■ **Exercise brief**:
Restate each line below word for word, skipping every picture.
----------------
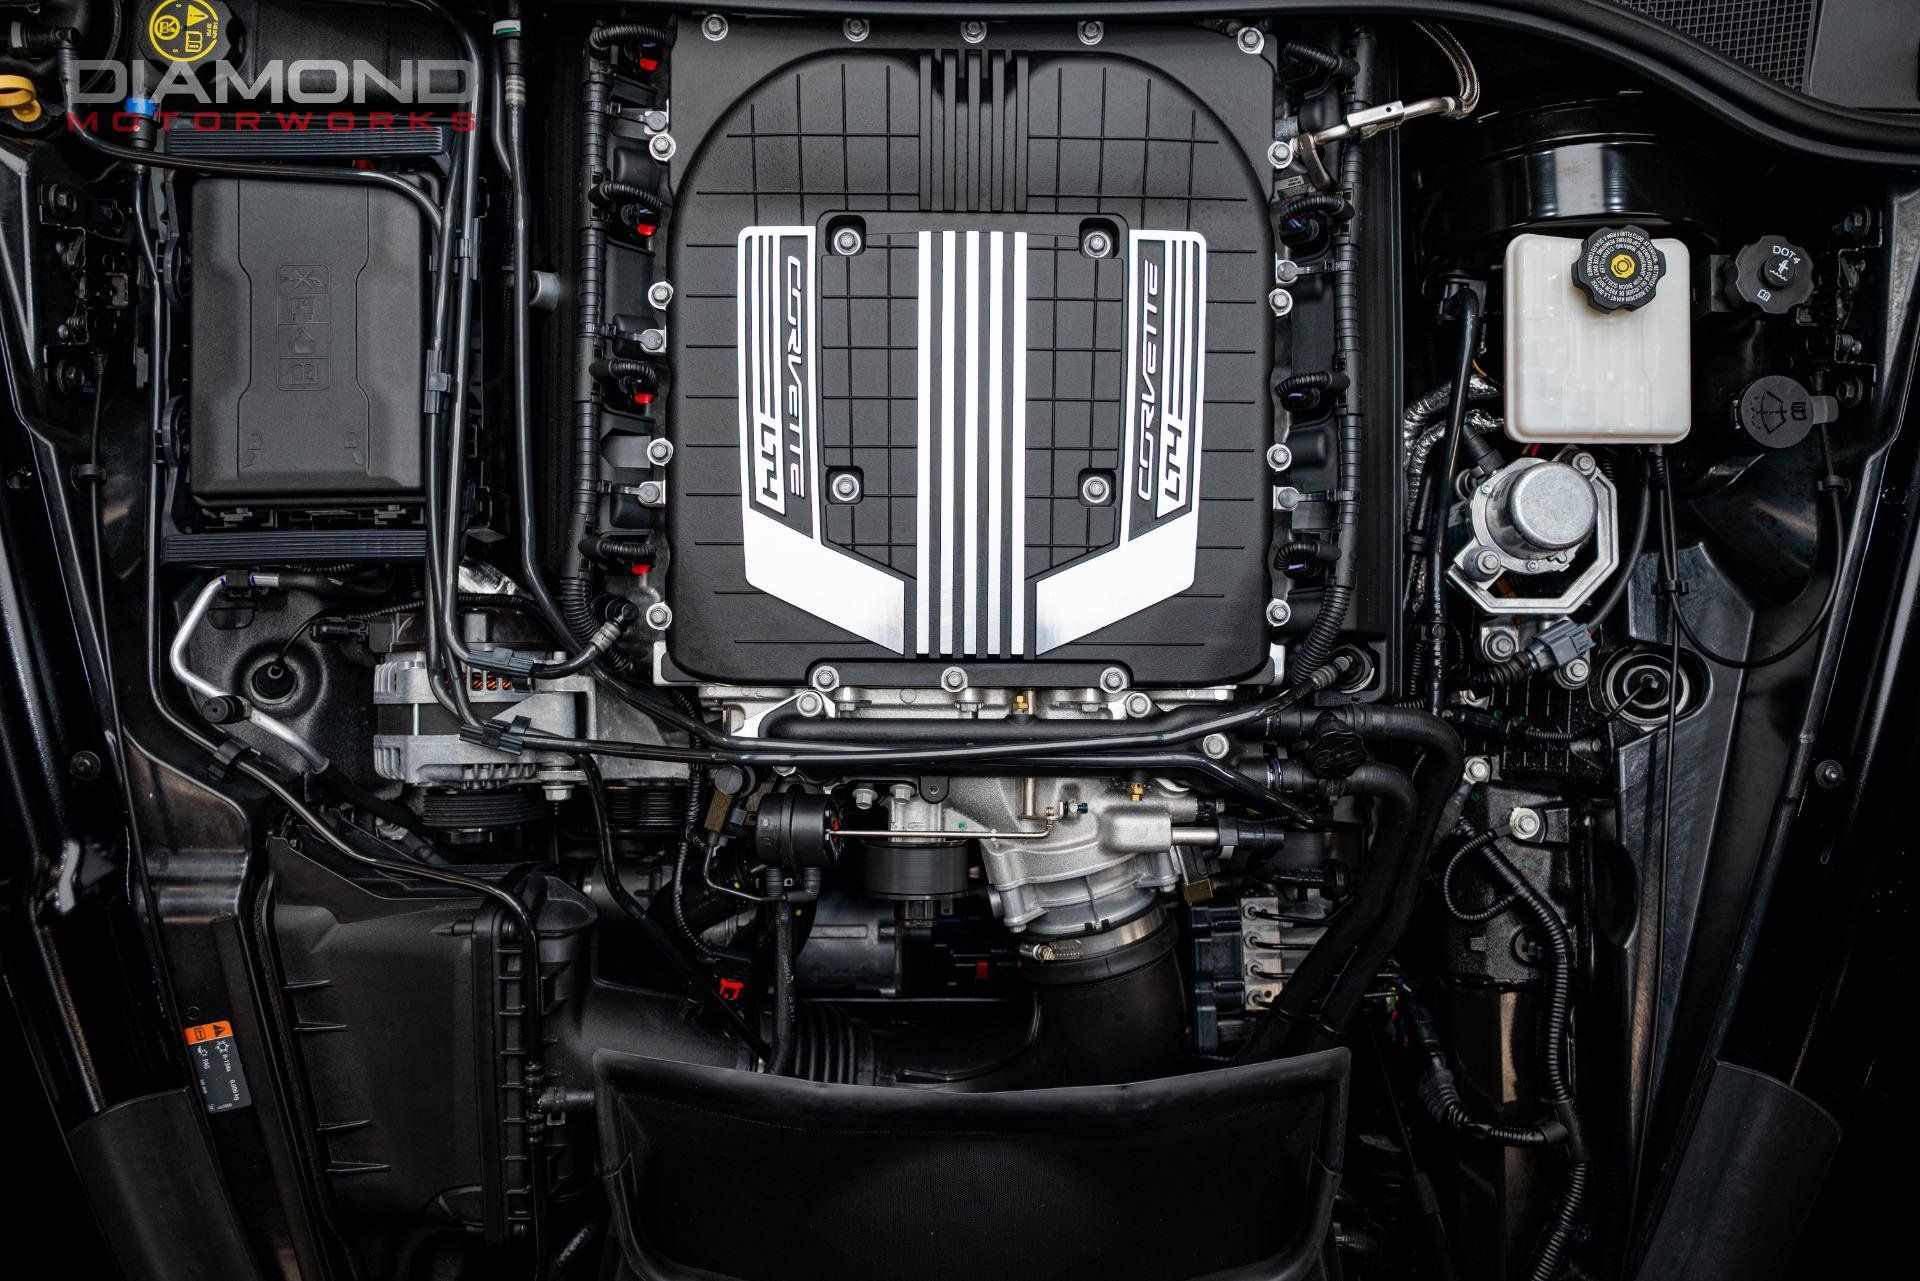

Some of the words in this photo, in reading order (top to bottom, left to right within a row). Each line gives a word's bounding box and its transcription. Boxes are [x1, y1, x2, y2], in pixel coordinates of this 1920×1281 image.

[1606, 231, 1619, 240] FROM
[1632, 232, 1645, 242] DOT3
[1591, 238, 1605, 253] SEALED
[1631, 238, 1641, 247] CAP
[1602, 246, 1614, 259] CLEAN
[1587, 251, 1595, 277] CONTAINER
[1593, 254, 1601, 264] USE
[1636, 250, 1646, 276] PROVENANT
[1644, 271, 1652, 282] QUE
[1648, 264, 1658, 287] NETTOYER
[1640, 280, 1648, 288] DU
[1643, 285, 1651, 293] LE
[1602, 291, 1611, 299] LA
[1603, 285, 1618, 296] FREIN
[1625, 285, 1643, 296] LIQUIDE
[1625, 289, 1646, 302] BOUCHON
[1609, 294, 1624, 302] AVANT
[787, 256, 806, 498] CORVETTE
[1137, 260, 1160, 501] CORVETTE
[760, 421, 779, 501] LT4
[1165, 421, 1184, 501] LT4
[201, 1058, 211, 1070] PAG
[222, 1053, 232, 1073] R-134a
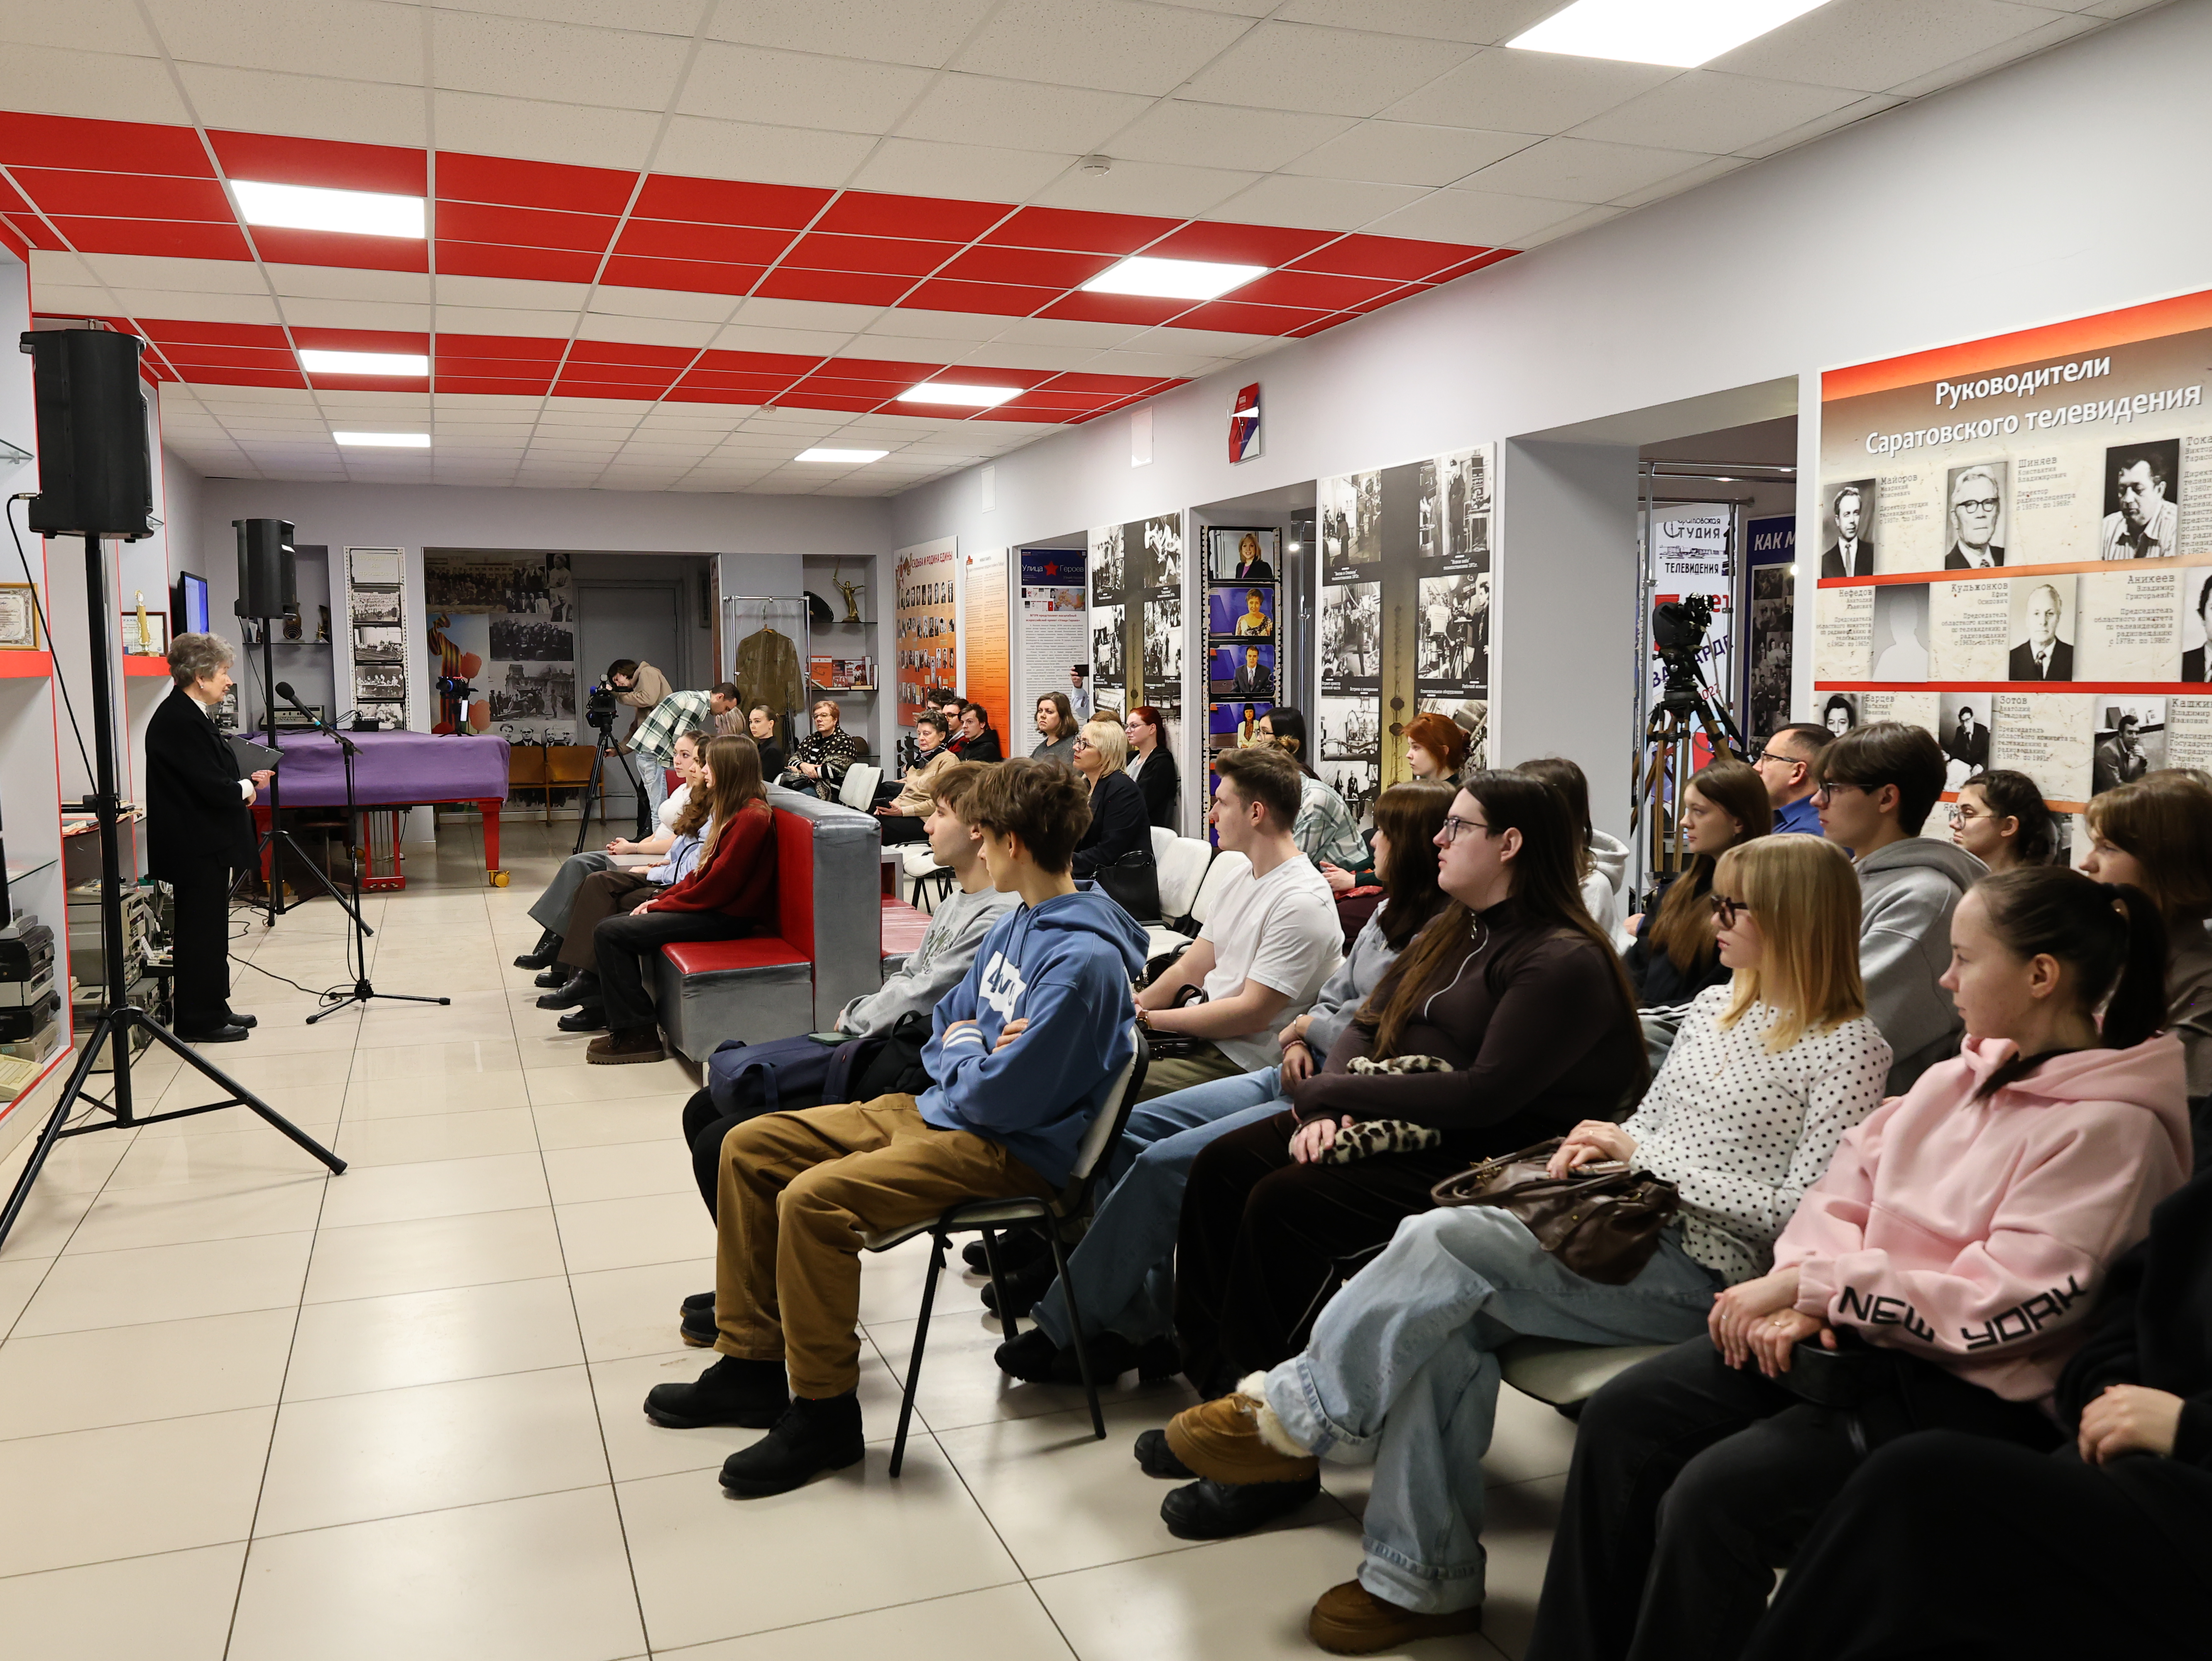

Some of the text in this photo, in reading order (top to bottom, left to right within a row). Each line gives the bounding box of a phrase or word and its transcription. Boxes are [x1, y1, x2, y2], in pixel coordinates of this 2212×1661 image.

[1936, 356, 2111, 409] Руководители
[1865, 385, 2202, 457] Саратовского телевидения
[2018, 457, 2057, 468] Шиняев
[2018, 467, 2056, 475] Константин
[1881, 475, 1918, 485] Майоров
[2017, 473, 2067, 483] Владимирович
[1754, 532, 1784, 551] КАК
[912, 551, 952, 568] СУДЬБА И РОДИНА ЕДИНЫ
[1665, 563, 1719, 574] ТЕЛЕВИДЕНИЯ
[2127, 575, 2175, 584] Аникеев
[1951, 583, 2008, 593] Кульжонков
[1839, 589, 1872, 598] Нефедов
[1865, 694, 1894, 703] Барцев
[1999, 696, 2027, 704] Зотов
[2171, 698, 2212, 708] Кашки
[1839, 1275, 2087, 1350] NEW YORK
----------------
■ **Answer box**:
Some of the words in this photo, in reading order (top to bottom, left to right within a row). Each line gives a word's bounding box and its transcription. Boxes are [x1, y1, x2, y2], in pixel coordinates of this 1920×1281 image.

[1606, 231, 1619, 240] FROM
[1632, 232, 1645, 242] DOT3
[1591, 238, 1605, 253] SEALED
[1631, 238, 1641, 247] CAP
[1602, 246, 1614, 259] CLEAN
[1587, 251, 1595, 277] CONTAINER
[1593, 254, 1601, 264] USE
[1636, 250, 1646, 276] PROVENANT
[1644, 271, 1652, 282] QUE
[1648, 264, 1658, 287] NETTOYER
[1640, 280, 1648, 288] DU
[1643, 285, 1651, 293] LE
[1602, 291, 1611, 299] LA
[1603, 285, 1618, 296] FREIN
[1625, 285, 1643, 296] LIQUIDE
[1625, 289, 1646, 302] BOUCHON
[1609, 294, 1624, 302] AVANT
[787, 256, 806, 498] CORVETTE
[1137, 260, 1160, 501] CORVETTE
[760, 421, 779, 501] LT4
[1165, 421, 1184, 501] LT4
[201, 1058, 211, 1070] PAG
[222, 1053, 232, 1073] R-134a

Some of the text in this photo, in reading order (top to bottom, left to right within a row). Each line gives the bounding box of a phrase or word and its transcription. Boxes are [x1, y1, x2, y2], in pixel coordinates of this 2212×1661 image.

[1936, 356, 2111, 409] Руководители
[1865, 385, 2202, 457] Саратовского телевидения
[2018, 457, 2057, 468] Шиняев
[2018, 467, 2056, 475] Константин
[1881, 475, 1918, 485] Майоров
[2017, 473, 2067, 483] Владимирович
[1754, 532, 1784, 551] КАК
[912, 551, 952, 568] СУДЬБА И РОДИНА ЕДИНЫ
[1665, 563, 1719, 574] ТЕЛЕВИДЕНИЯ
[2127, 575, 2175, 584] Аникеев
[1951, 583, 2008, 593] Кульжонков
[1839, 589, 1872, 598] Нефедов
[1865, 694, 1894, 703] Барцев
[1999, 696, 2027, 704] Зотов
[2171, 698, 2212, 708] Кашки
[1839, 1275, 2087, 1350] NEW YORK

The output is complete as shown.